Regardless of the age you want to learn a new language, or if you are already in the process of doing so, you will cognitively benefit from what this linguistic wonder has to offer us. Some people might find themselves in a monolingual world for the rest of their lives, some might fluently communicate in one or more languages, and there are others who just have a hard time trying to learn the basic stuff. However, all of this ends up providing you almost the same thing: nourishing your brain. So please, do not be afraid of speaking those 5 or 10 sentences you put your heart and soul into learning, you are getting there, and your brain is thanking you as well.
Without anything else, sit and enjoy this journey I’m going to take you to about linguistics and cognition!
Concentration
Cognition can be explained as understanding our experiences through mental processes such as perception, recall, and reasoning.

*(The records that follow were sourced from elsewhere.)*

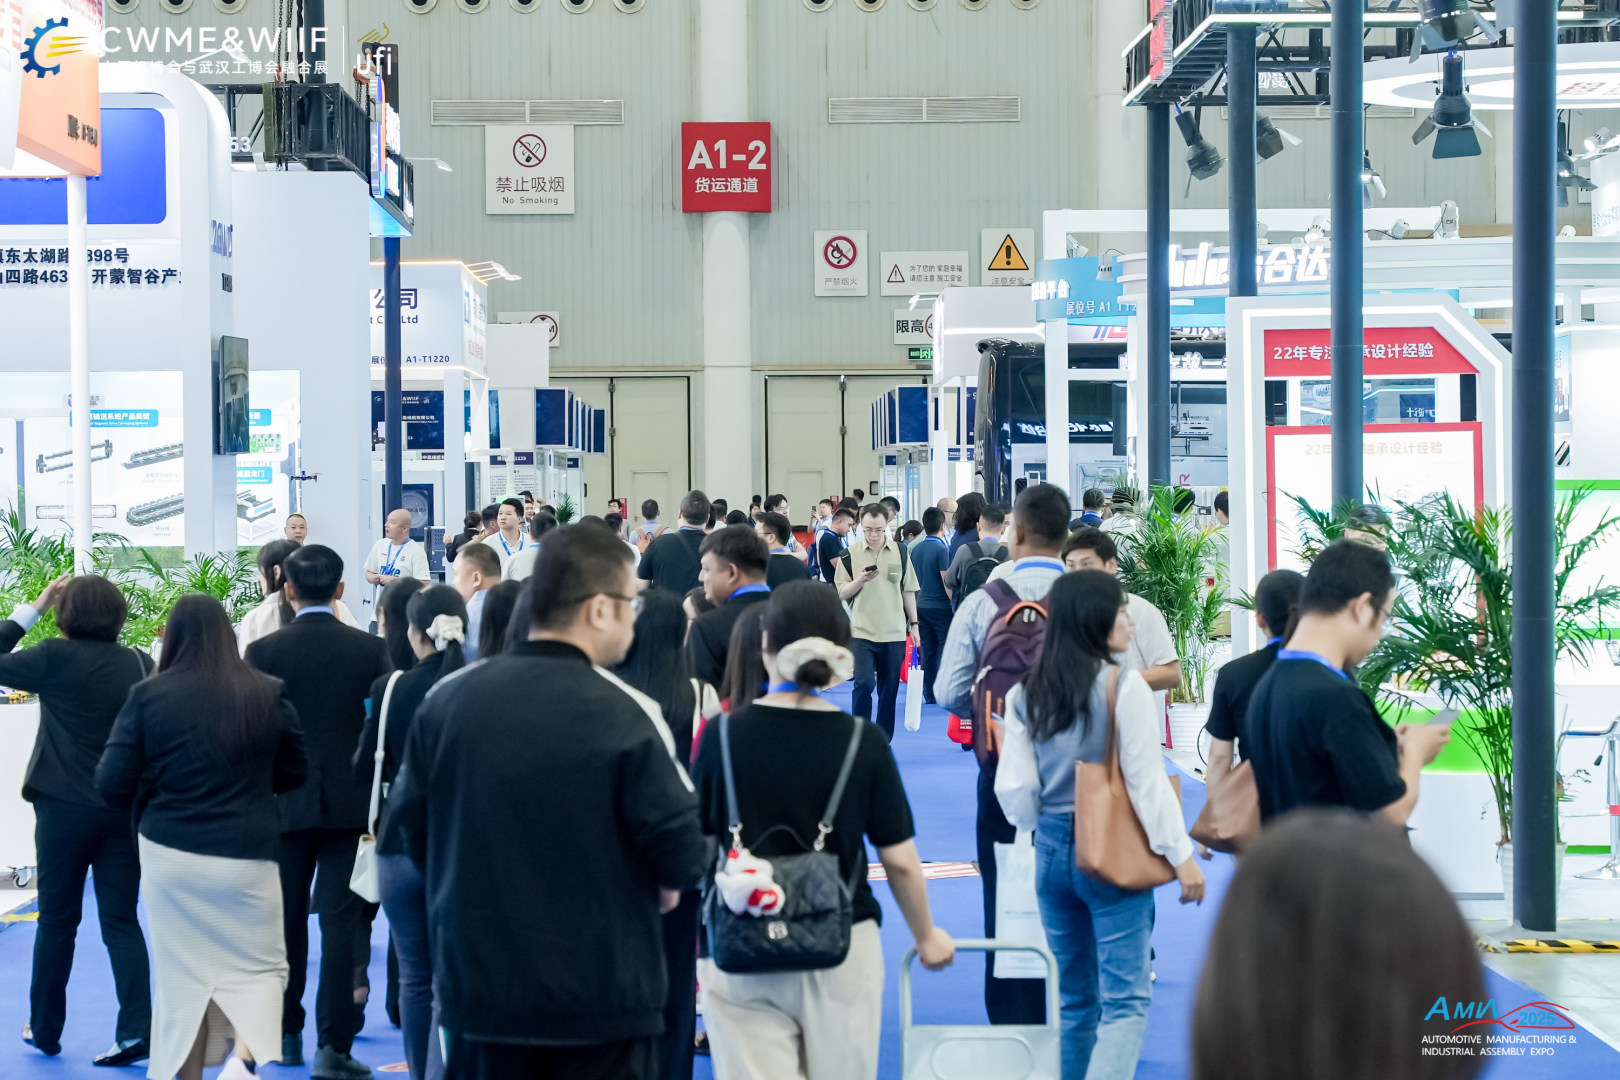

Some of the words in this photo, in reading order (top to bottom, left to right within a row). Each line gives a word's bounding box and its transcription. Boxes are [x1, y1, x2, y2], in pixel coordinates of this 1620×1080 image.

[687, 139, 767, 170] A1-2
[495, 176, 565, 193] 禁止吸烟
[694, 177, 759, 194] 货运通道
[502, 196, 514, 204] No
[520, 196, 559, 206] Smoking
[823, 277, 858, 286] 严禁烟火
[896, 319, 925, 333] 限高
[405, 355, 450, 363] A1-T1220
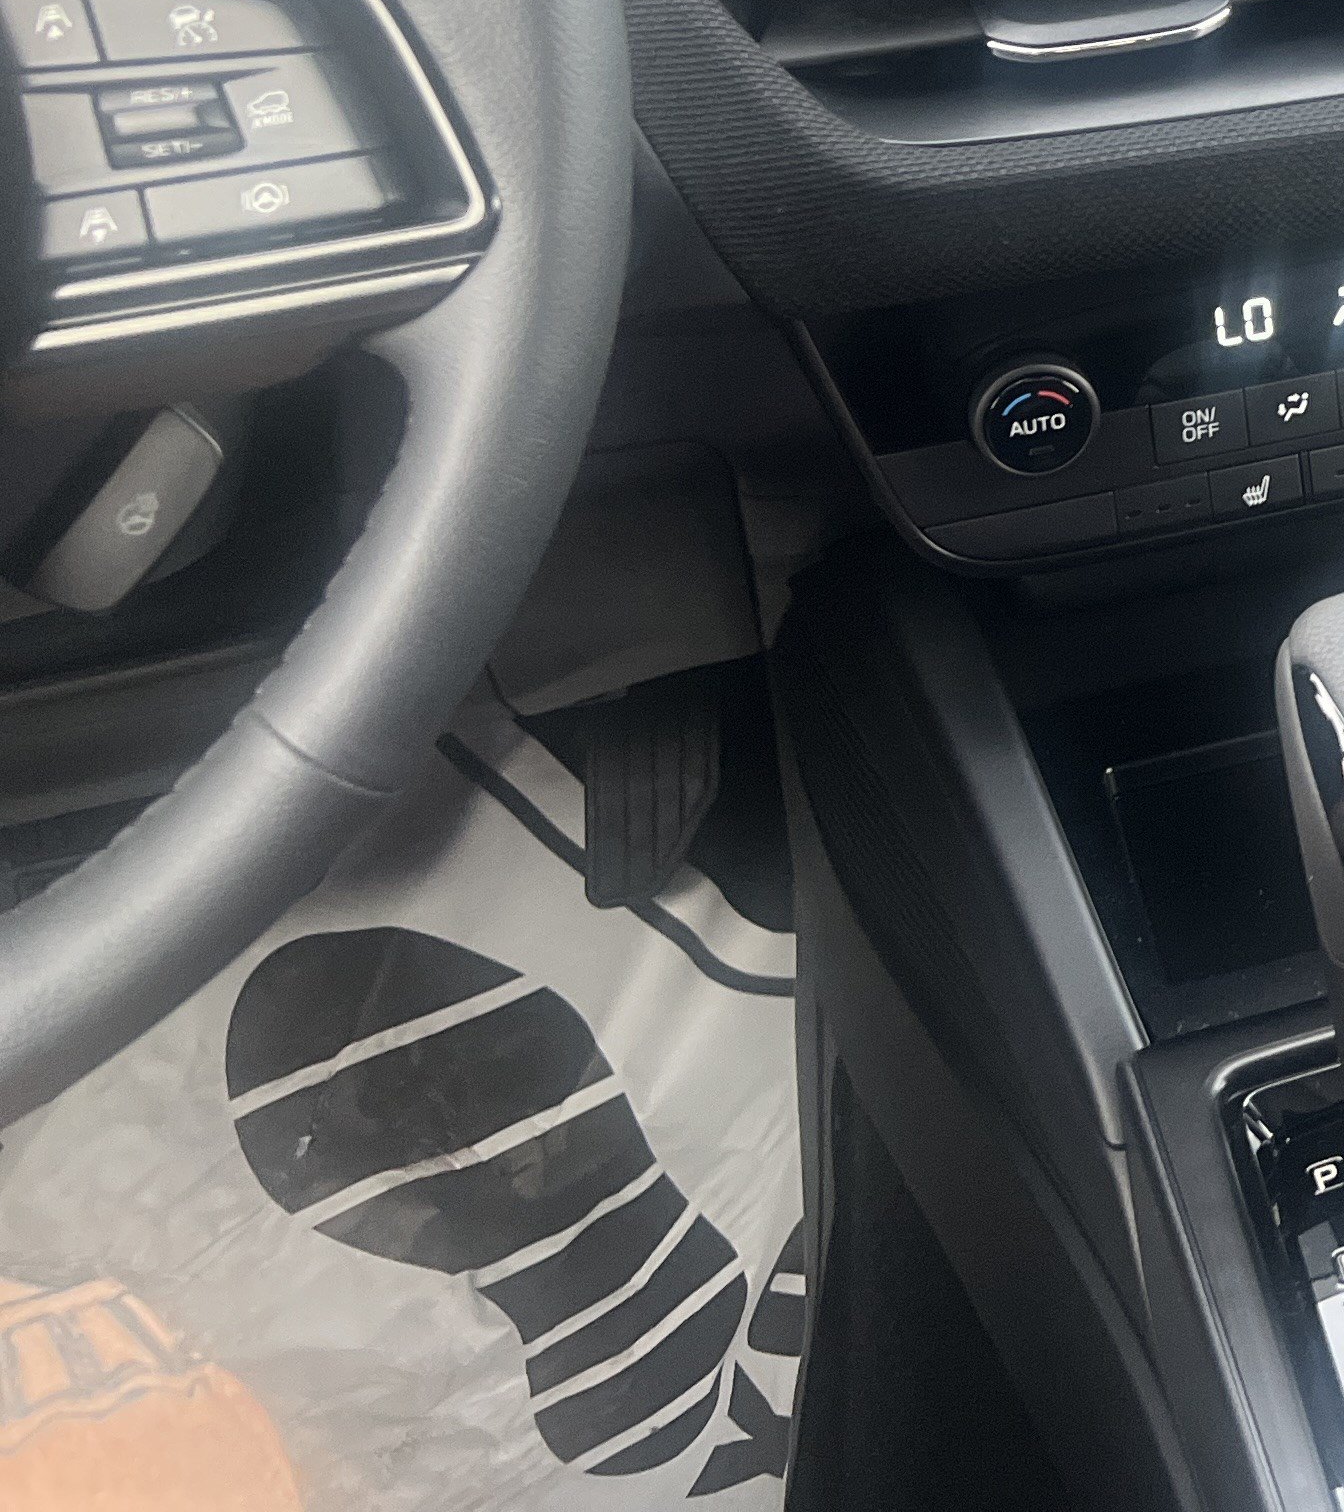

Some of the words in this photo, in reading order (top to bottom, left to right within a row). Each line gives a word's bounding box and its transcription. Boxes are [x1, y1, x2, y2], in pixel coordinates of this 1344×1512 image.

To begin with, I will tell you about one of the most notorious cognitive skills that comes with learning a foreign language, which is concentration.
A study carried out in 2004 from researchers at the York University from Toronto, Canada, showed that children who were bilingual had better concentration abilities in problem-solving exercises; their attention span was longer and they ignored more interruptions than monolingual children, making distraction phenomena less prevalent and the retention of information easier.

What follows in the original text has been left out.